Par BÉATRICE VALLAEYS
JR, 27 ans, analyse son travail de photographe et, désormais, de cinéaste

Depuis quatre ans, JR sillonne le monde, celui des bidonvilles en particulier, où il photographie les habitants, évidemment consentants, dont il fait d’immenses affiches pour les coller chez eux. Une démarche artistique très spectaculaire et qui rivalise de générosité. Ce qui d’ailleurs lui a valu, il y a un mois, le prix de la fondation TED, attribué aux Etats-Unis aux philanthropes, rarement aux artistes (surtout si jeunes, JR a 27 ans). Ainsi Bill Clinton a-t-il été lauréat de ce prix (100 000 dollars, soit 77 500 euros), qu’il a employé à une refonte du système de santé au Rwanda. «C’est un prix où l’on fait un vœu et on vous aide à le réaliser», dit modestement JR, conscient de «l’énorme marque de confiance» qui lui est faite. Son film, Women Are Heroes, a été présenté à la Semaine de la critique du Festival de Cannes.

Pourquoi avez-vous éprouvé le besoin de réaliser un film ?

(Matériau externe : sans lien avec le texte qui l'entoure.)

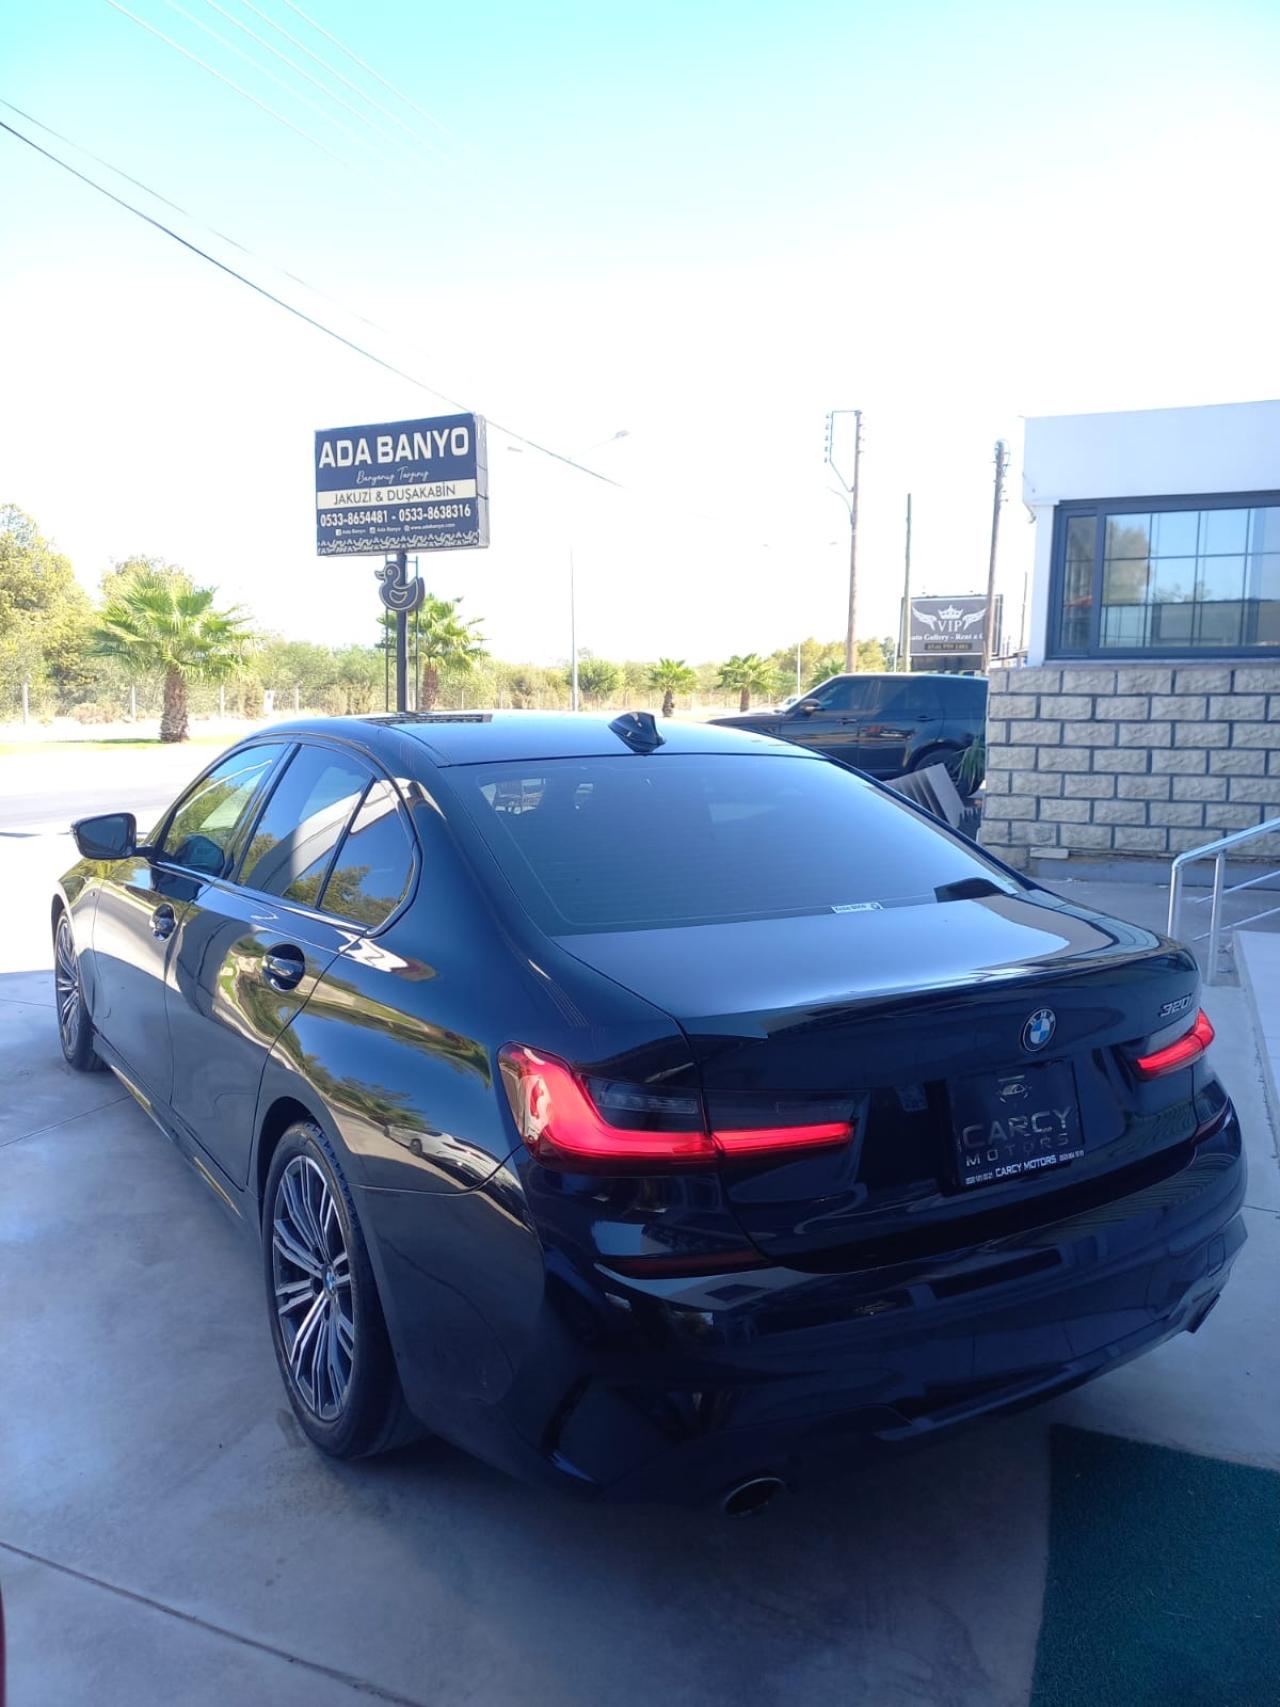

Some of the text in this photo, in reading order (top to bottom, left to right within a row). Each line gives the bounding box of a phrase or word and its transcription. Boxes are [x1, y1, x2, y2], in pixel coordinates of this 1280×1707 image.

[319, 427, 469, 469] ADA BANYO
[334, 482, 456, 505] JAKUZİ & DUŞAKABİN
[320, 510, 388, 527] 0533-8654481
[399, 504, 471, 522] 0533-8638316
[938, 620, 962, 632] VIP
[962, 1106, 1072, 1149] CARCY
[966, 1132, 1069, 1167] MOTORS
[995, 1163, 1021, 1178] CARCY
[1023, 1154, 1056, 1171] MOTORS

Je voulais montrer ce qui, pour moi, est le plus important : pourquoi les gens participent à mon travail photographique et comment ils réagissent devant leurs photos dans les rues des quatre coins du monde. Comprendre la relation des femmes à leur image en Inde, au Cambodge, au Brésil, en Afrique ne pouvait passer que par un film.

Ces visages, photographiés dans une grande complicité avec vos «acteurs», ont maintenant la parole…

Des textes ont déjà été publiés, mais on n’y trouve pas cette émotion et cette force que le cinéma permet dans un face à face. Avec le film, on comprend que ces femmes se réapproprient mon travail pour le faire voyager, et comment je ne deviens finalement plus que colleur d’affiches et passeur d’histoires.

Vous sentez-vous investi d’une mission ?

Je vois plutôt mon travail comme des défis, avec surtout la simple intention de porter l’art dans les endroits où il n’existe pas. J’endosse la casquette de l’artiste parce que je pense qu’il n’y en a pas de plus belle : on a droit à l’échec quand on est artiste. Pour Women Are Heroes, il nous est arrivé de partir pour un pays sans savoir si on n’allait pas être renvoyés le lendemain chez nous. Et si on veut créer la magie, il faut s’exposer à cet imprévu.

Vous n’allez que dans des endroits d’extrême pauvreté. Vos photos sont-elles des «cache-misère» ?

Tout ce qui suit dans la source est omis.